“Said”

This is a hot discussion among writer: to use said, or not to use said.

Said is the most common word when tagging dialog. It fades into the background. A reader will glaze over it. That’s why it’s the most common. It’s not intrusive and carries little weight.

Some writers and editors will tell you never to use any other verb; I disagree, within reason. When another verb can be used to convey something not revealed within the dialog, go for it. But, use cautious. Using verbs other than ‘said’ should be a rare occurrence in a novel. If you use a new verb in each tag, you’ll look ridiculous.

“Yes!” he exclaimed.

In this example, the tagged verb, ‘exclaimed’ doesn’t need to be there.
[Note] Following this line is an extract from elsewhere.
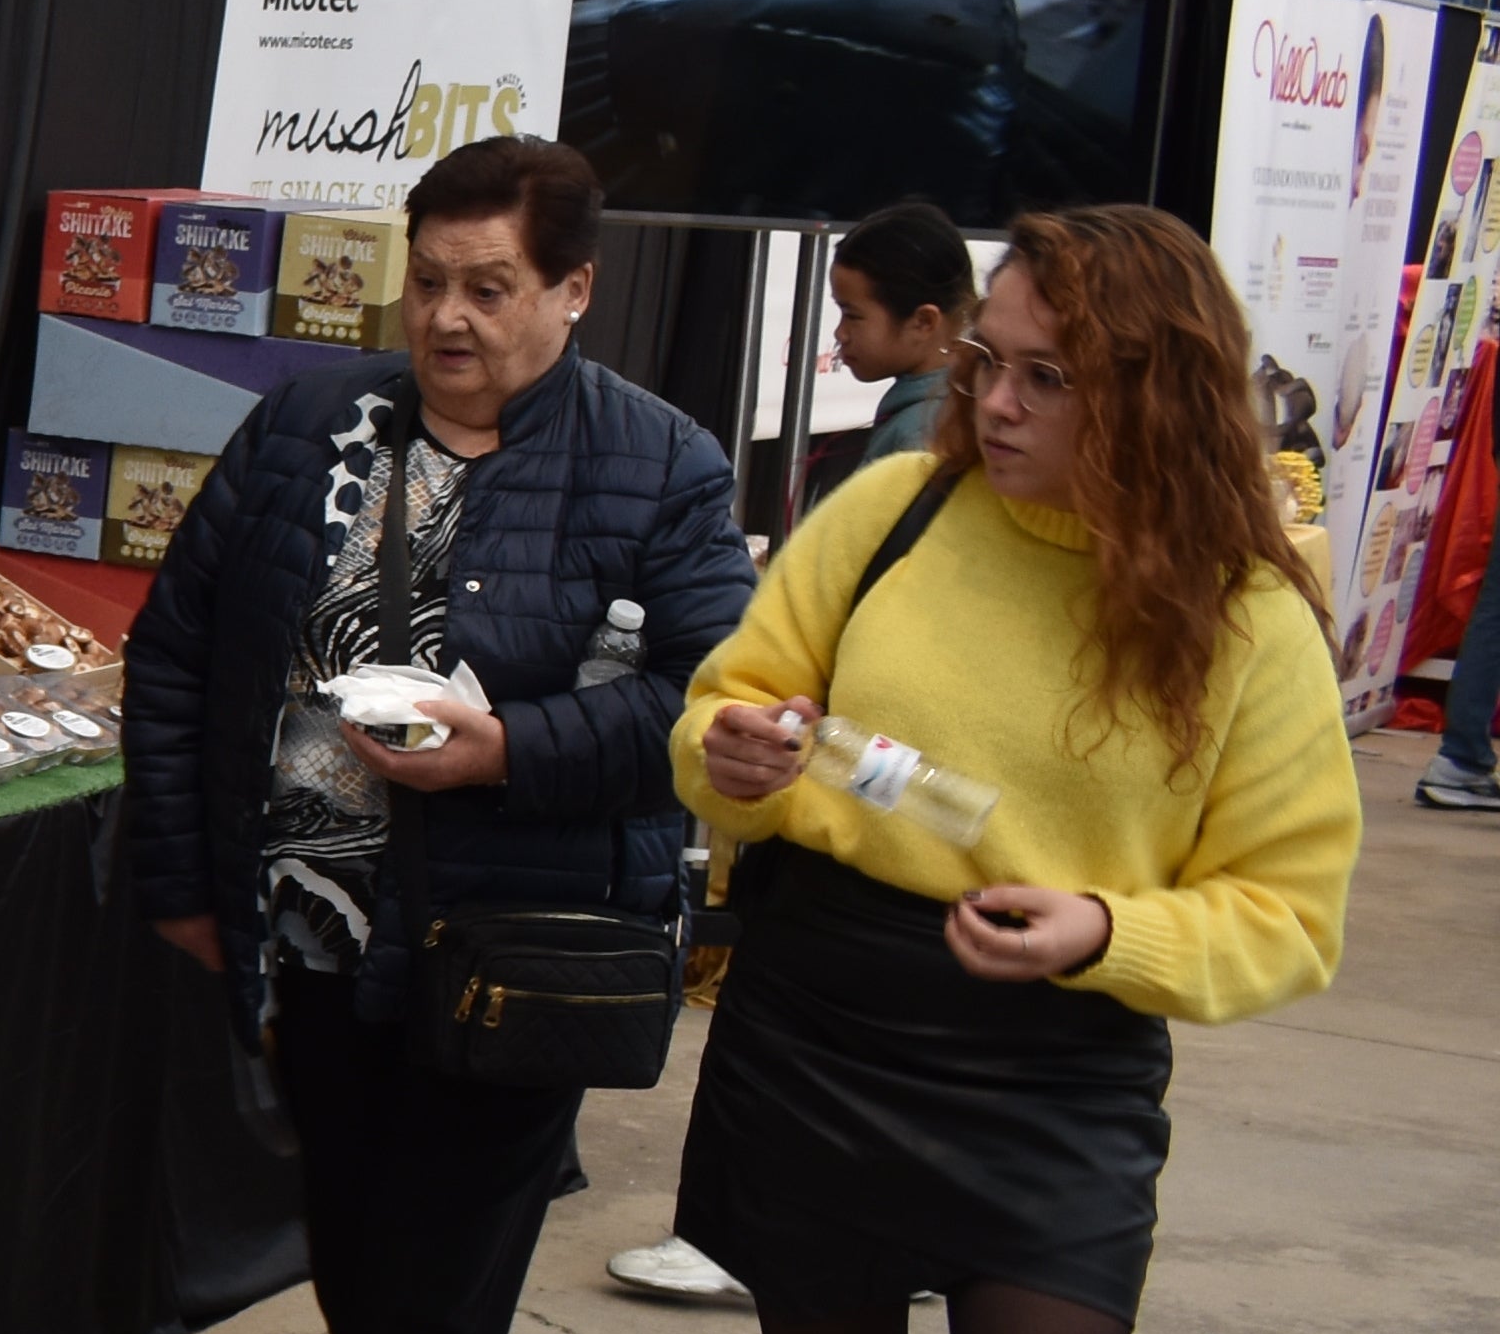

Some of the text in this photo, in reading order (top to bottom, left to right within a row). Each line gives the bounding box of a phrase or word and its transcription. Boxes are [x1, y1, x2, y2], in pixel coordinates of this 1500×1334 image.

The ‘!’ in the dialog does all the work.

“Of course,” he reasoned.

This is a bit ‘meh’ as well. The ‘reasoning’ part of this character should be apparent in his personality, mannerism, and dialog.

“No,” I lied.

I like this one. This is one example that I think breaks the ‘only use said’ rule. If the reader did not know that the narrator was lying, this tag is a great little shocker. BUT if it had been revealed the narrator was lying before, like if the scene in question had happened on the page, then the ‘lied’ is frivolous.

“Have you been to London?”

“Yes,” he smiled.

I like this example. I see this a lot, along with ‘he sighed.’ A person can’t smile a word. They can’t sigh a word. They speak words. Unless your verb is a direct verb of spoken-ness, it doesn’t work.